The methods von Stroheim used to extract impressive performances from his actors were effective, but it required immense amounts of raw footage. Key scenes were performed and re-performed again and again until an “ideal” was provoked, often at the price of frustrating the cast and crew. Von Stroheim was then confronted with the task of sifting through this dross-like footage to discover the gems he had elicited on the set.

By mid-summer studio executives, wishing to expedite its release, submitted the partially edited footage to Grant Whytock, who prepared the final cut for distribution. Universal was sanguine about the prospects for a commercially and critically successful film. A press screening elicited fulsome praise for Blind Husbands and director von Stroheim, including one accolade that anointed him “a direct descendant of [D.W] Griffith.”

When the completed film was delivered to Universal’s New York City sales department to arrange distribution in August 1919, Universal’s vice-president, R. H. Cochrane, emphatically rejected the title of the film The Pinnacle. (n.b. The movie’s climax and denouement occurs at the top of an alpine peak). Film titles, then strictly within the domain of sales and exhibition personnel, initiated a search for a new title. Von Stroheim, outraged, placed a full-page protest in Motion Picture News, without effect. Blind Husbands opened at Washington’s Rialto Theater on 19 October 1919.

Critical response

In an effort to maximize anticipated profits for Blind Husbands, Universal launched a massive promotional campaign. Nationwide, the picture grossed over $325,000 in receipts during its first year when typical five-reel feature films averaged $55,000.

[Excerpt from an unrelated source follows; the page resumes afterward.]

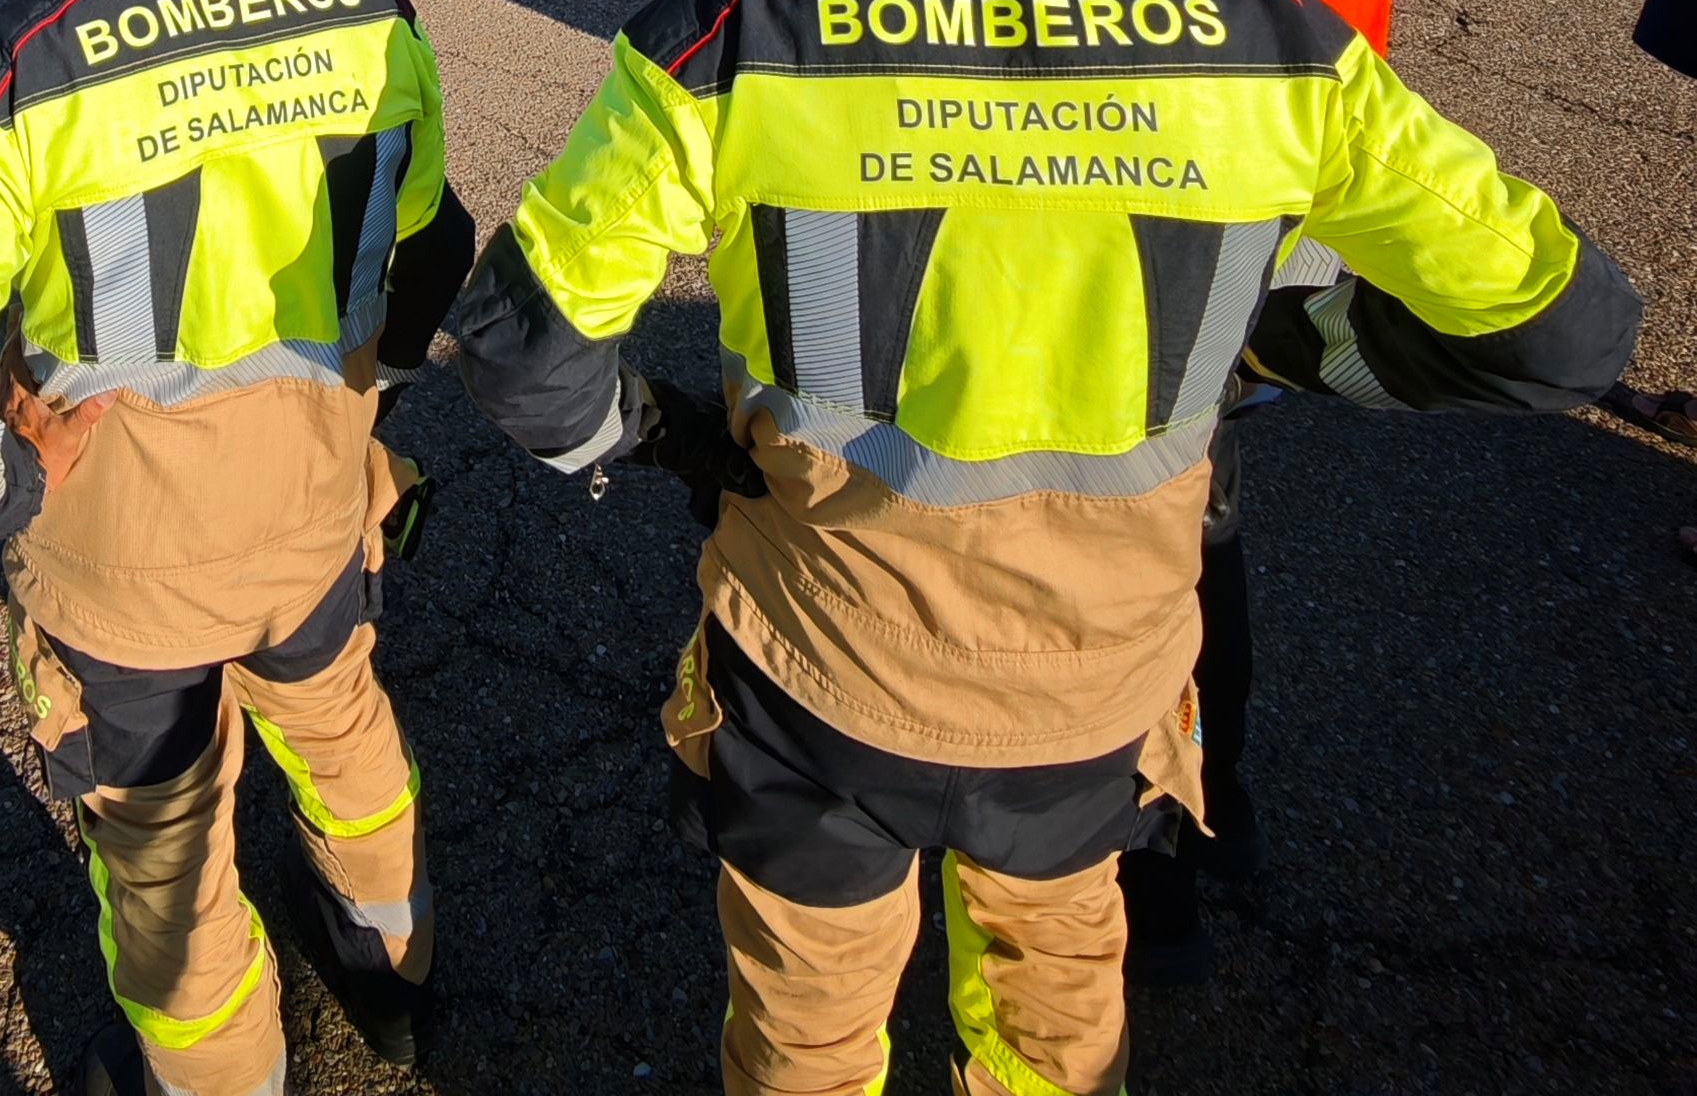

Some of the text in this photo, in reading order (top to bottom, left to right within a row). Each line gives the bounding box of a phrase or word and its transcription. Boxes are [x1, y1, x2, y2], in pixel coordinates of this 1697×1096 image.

[158, 46, 334, 107] DIPUTACIÓN
[136, 88, 369, 163] DE SALAMANCA
[896, 93, 1158, 133] DIPUTACIÓN
[860, 152, 1209, 190] DE SALAMANCA

Universal’s productions, which usually exhibited in less exalted venues, arranged for Blind Husbands to run at New York’s “palatial” Capitol Theater though this required a months-long delay. Blind Husbands inspired fulsome responses from American film critics and “almost without exception” both director and his cinematic creation were hailed as an advance for the art form.

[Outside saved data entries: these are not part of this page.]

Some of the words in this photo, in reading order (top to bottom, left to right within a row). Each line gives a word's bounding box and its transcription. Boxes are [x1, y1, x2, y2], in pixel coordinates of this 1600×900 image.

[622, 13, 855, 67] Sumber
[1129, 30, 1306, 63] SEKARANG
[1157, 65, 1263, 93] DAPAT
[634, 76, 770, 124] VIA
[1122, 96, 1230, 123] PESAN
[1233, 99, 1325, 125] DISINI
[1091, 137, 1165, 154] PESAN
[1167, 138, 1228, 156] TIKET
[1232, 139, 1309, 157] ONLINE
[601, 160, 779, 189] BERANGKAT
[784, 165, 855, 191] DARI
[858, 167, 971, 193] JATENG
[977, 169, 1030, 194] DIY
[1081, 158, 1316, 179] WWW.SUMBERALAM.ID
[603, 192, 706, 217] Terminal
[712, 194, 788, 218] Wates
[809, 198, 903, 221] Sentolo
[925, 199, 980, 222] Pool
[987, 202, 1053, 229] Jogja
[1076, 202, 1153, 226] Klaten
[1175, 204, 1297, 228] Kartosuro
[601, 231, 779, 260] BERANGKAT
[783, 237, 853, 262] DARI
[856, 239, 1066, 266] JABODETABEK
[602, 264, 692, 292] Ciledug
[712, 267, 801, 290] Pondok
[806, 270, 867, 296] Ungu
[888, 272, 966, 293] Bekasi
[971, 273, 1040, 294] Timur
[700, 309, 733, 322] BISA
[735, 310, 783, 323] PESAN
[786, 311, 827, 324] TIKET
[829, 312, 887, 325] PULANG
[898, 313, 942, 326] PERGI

Agnes Smith of the New York Telegraph wrote:

Theme

Blind Husbands, set amidst a tourist resort in the Austrian Dolomites, opens with the arrival of an upper-middle American couple, Dr. Robert Armstrong and his wife Margaret. The story examines their reaction to the strenuous efforts of an Austrian military officer, Lieutenant Eric von Steuben, to seduce Margaret. Von Stroheim’s characterization of an unscrupulous yet sophisticated sexual predator was a refined variation of his role of “the man you love to hate” that he had cultivated in his post-WWI roles, most recently in Universal’s The Heart of Humanity (1918). Here, however, von Stroheim seeks sexual conquest through low cunning, rather than with psychological terror and physical violence.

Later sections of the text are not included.